Процесс явился также свидетельством героического поведения и стойкости кадров коммунистической партии. Фашисты приложили все силы, чтобы подобрать "удобных" для себя свидетелей из ответственных работников компартии. Они прибегали при этом к жесточайшим пыткам и не скупились на самые соблазнительные посулы. Но, несмотря на то, что тысячи коммунистов и революционных рабочих были подвергнуты чудовищным моральным и физическим мучениям, фашистам так и не удалось, как говорил Г. Димитров, "найти ни одного нужного им свидетеля из среды рабочих, активных участников пролетарского движения в Германии или ответственных работников"{20} коммунистической партии.
Наконец, в ходе процесса проявилась великая сила международной солидарности. Почти во всех странах мира развернулось мощное движение протеста, организованное как Коминтерном и заграничными органами ЦК КПГ, так и рядом непартийных комитетов, созданных для этой цели. Были проведены многочисленные собрания, демонстрации и митинги, публиковались документы и воззвания, посылались делегации с требованием освободить Димитрова. Со звериного лица кровавого германского фашизма была сорвана маска. Мужественное и уверенное выступление Димитрова на суде и эта международная солидарность помогли сорвать политические и террористические замыслы фашистов, которые они надеялись осуществить, затевая Лейпцигский процесс. А советское правительство, предоставив Георгию Димитрову и его соотечественникам-обвиняемым право советского гражданства, спасло их от смертельной опасности, которая грозила им от подручных Геринга даже после вынесения оправдательного приговора.
Но значение Лейпцигского процесса не исчерпывается этими поражениями, нанесенными фашистам. Следует учесть также, что своим выступлением перед фашистским трибуналом Димитров дал политическую ориентацию Коммунистической партии Германии и всему антифашистскому подполью в Германии. Его вопросы к свидетелям были направлены прежде всего на то, чтобы разбить фашистские утверждения о том, что Коммунистическая партия Германии готовила вооруженное восстание. Как пишет товарищ Ульбрихт, "именно в результате опровержения этих утверждений была создана основа для обвинения фашистских варваров и разоблачения истинных целей организации поджога рейхстага"{21}.
В своих вопросах свидетелям-рабочим Георгий Димитров фактически разъяснил основные вопросы коммунистической тактики. Он доказал, что борьба революционных рабочих против фашизма была в то время оборонительной борьбой и что непосредственной задачей КПГ являлась не подготовка и проведение вооруженного восстания, а установление единого фронта с социал-демократическими и другими рабочими в борьбе против урезывания заработной платы, против фашистского террора и опасности новой империалистической войны.

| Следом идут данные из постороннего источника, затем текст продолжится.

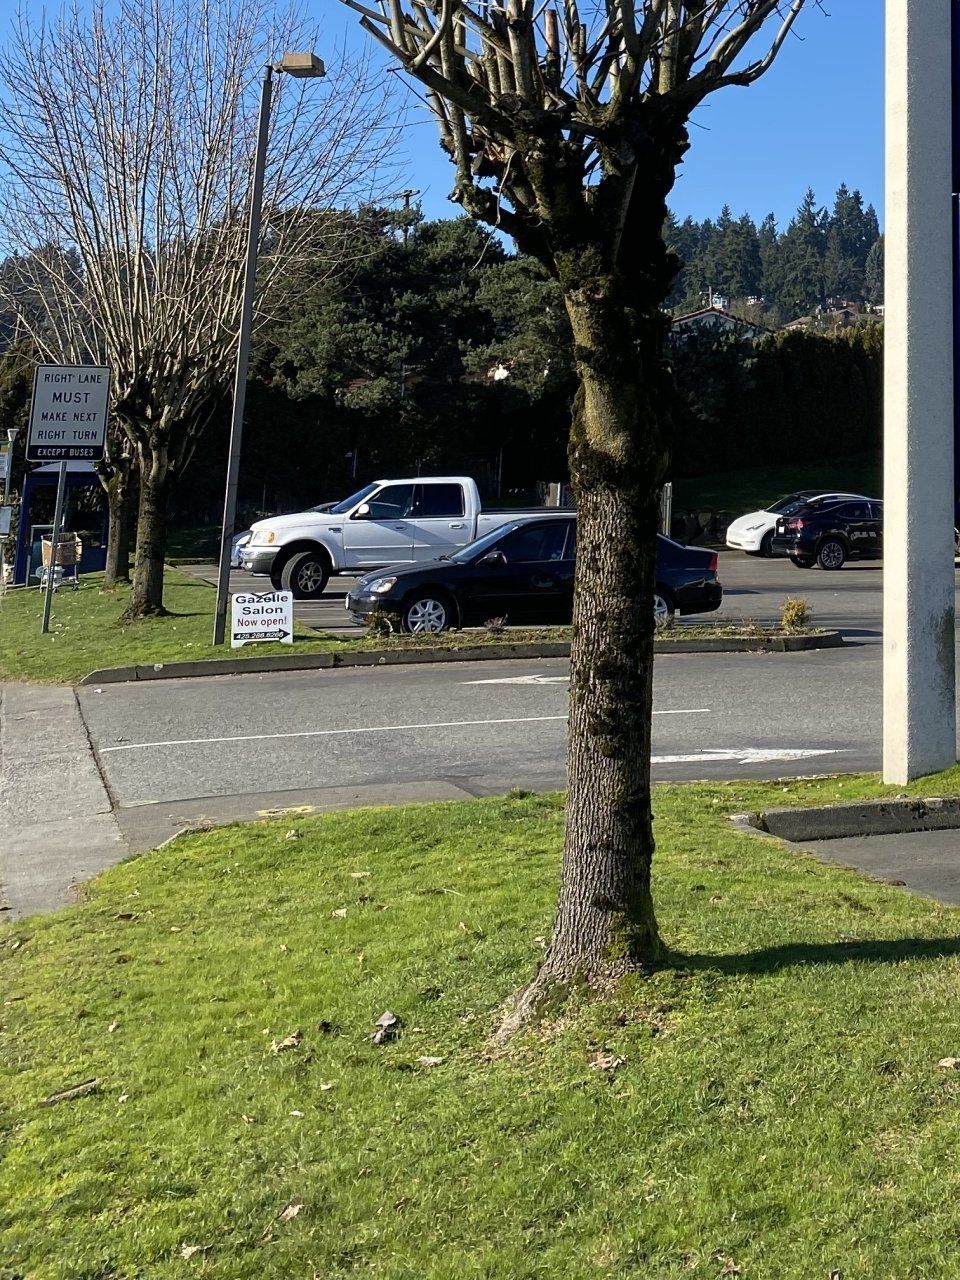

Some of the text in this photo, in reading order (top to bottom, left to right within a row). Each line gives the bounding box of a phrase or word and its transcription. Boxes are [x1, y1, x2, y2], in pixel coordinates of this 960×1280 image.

[44, 373, 102, 384] RIGHT LANE
[52, 391, 91, 404] MUST
[41, 412, 98, 422] MAKE NEXT
[37, 430, 98, 440] RIGHT TURN
[37, 448, 94, 457] EXCEPT BUSES
[235, 593, 289, 604] Gazelle
[242, 606, 283, 616] Salon
[237, 616, 287, 627] Now open!
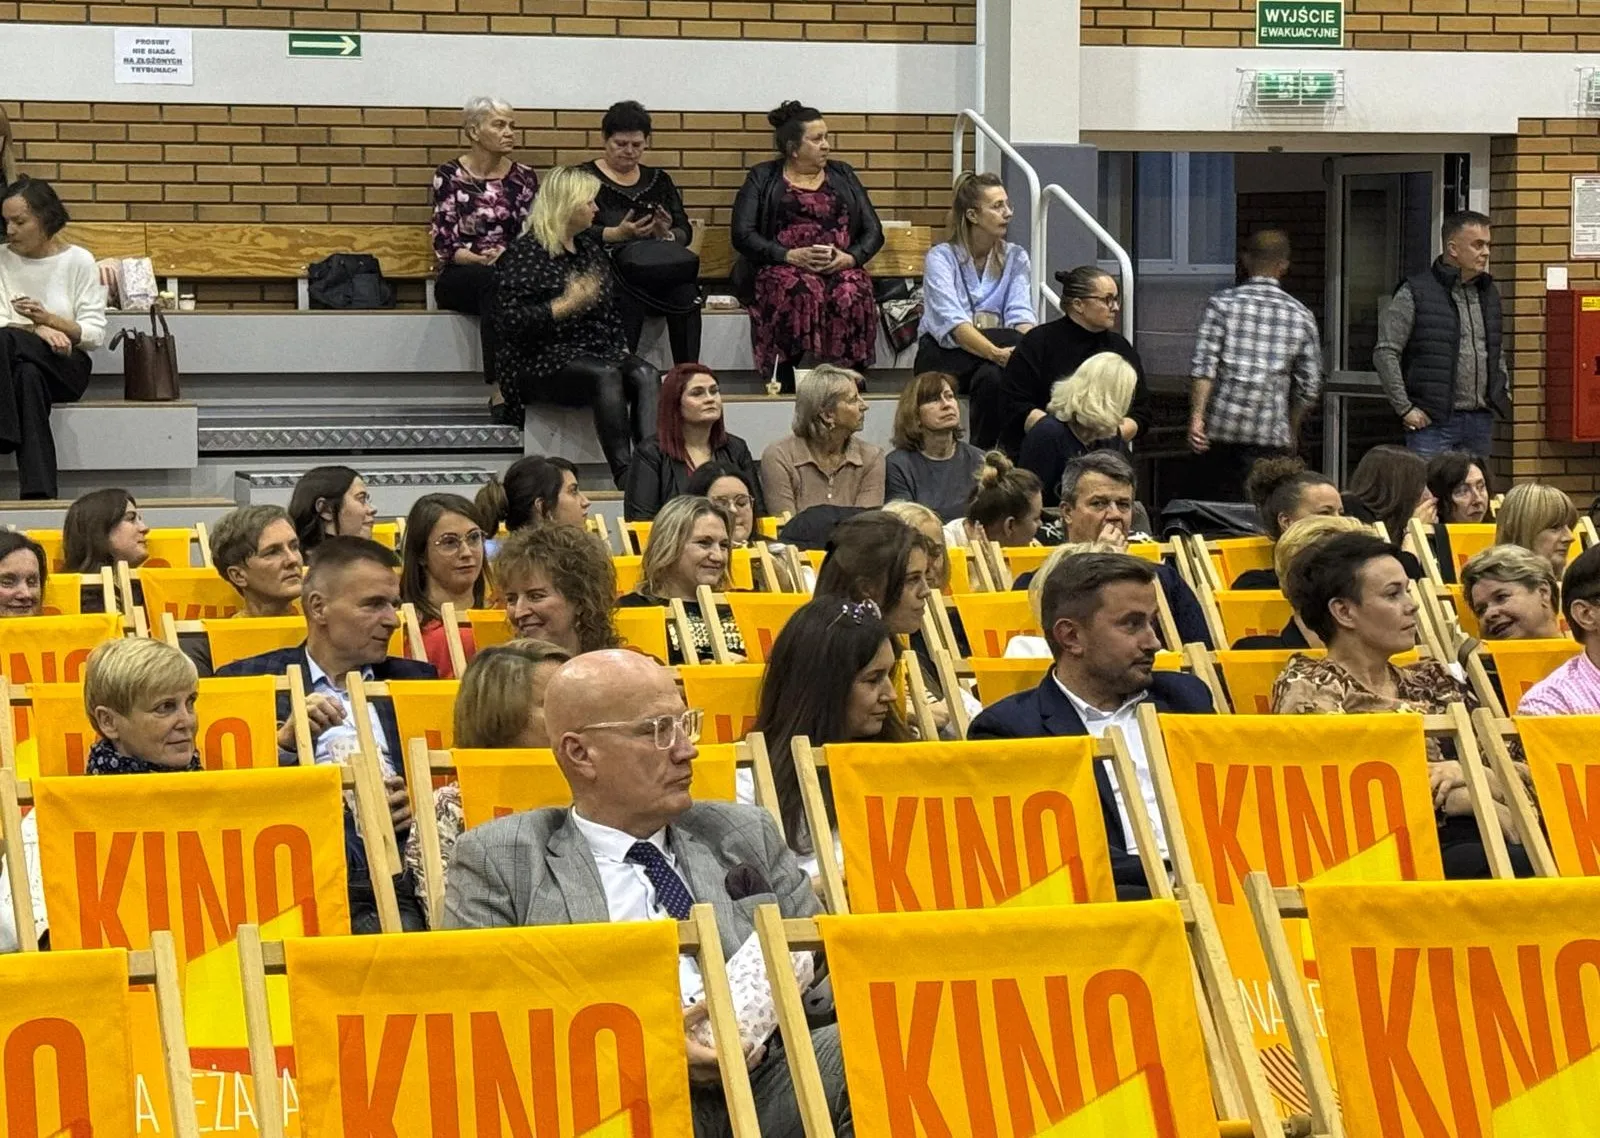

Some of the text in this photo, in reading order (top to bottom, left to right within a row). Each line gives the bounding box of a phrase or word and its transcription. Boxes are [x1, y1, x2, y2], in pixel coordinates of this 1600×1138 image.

[1260, 26, 1340, 38] EWAKUACYJNE
[1264, 5, 1336, 24] WYJŚCIE
[73, 823, 320, 962] KINO
[864, 790, 1091, 912] KINO
[1195, 760, 1417, 905] KINO
[337, 1002, 654, 1138] KINO
[869, 968, 1178, 1138] KINO

Когда болгарский революционер Димитров процитировал стихи Гете величайшего поэта Германии:
На весах великих счастья
Чашам редко дан покой.
Должен ты иль подыматься,
Или долу опускаться...
Властвуй или покоряйся,
С торжеством иль с горем знайся,
Тяжким молотом взвивайся
Или наковальней стой...
то в его устах эти стихи, полные мужества и сурового предостережения, стали обращенным к рабочему классу призывом к борьбе и в то же время ударом по выжидательной, капитулянтской политике правых лидеров СПГ. После своего освобождения в беседе с представителями иностранной коммунистической прессы в Москве Георгий Димитров так сформулировал свои советы рабочим: "Один из самых важных выводов заключается в том, что социал-демократические рабочие могут успешно вести борьбу против буржуазии только сообща с коммунистическими рабочими. До сих пор многие социал-демократические рабочие ограничивались лишь симпатией к нам. Этого недостаточно. Симпатия должна перерасти в активную борьбу против буржуазии и фашизма, в единую борьбу социал-демократических, христианских и беспартийных рабочих совместно с коммунистическими рабочими"{22}.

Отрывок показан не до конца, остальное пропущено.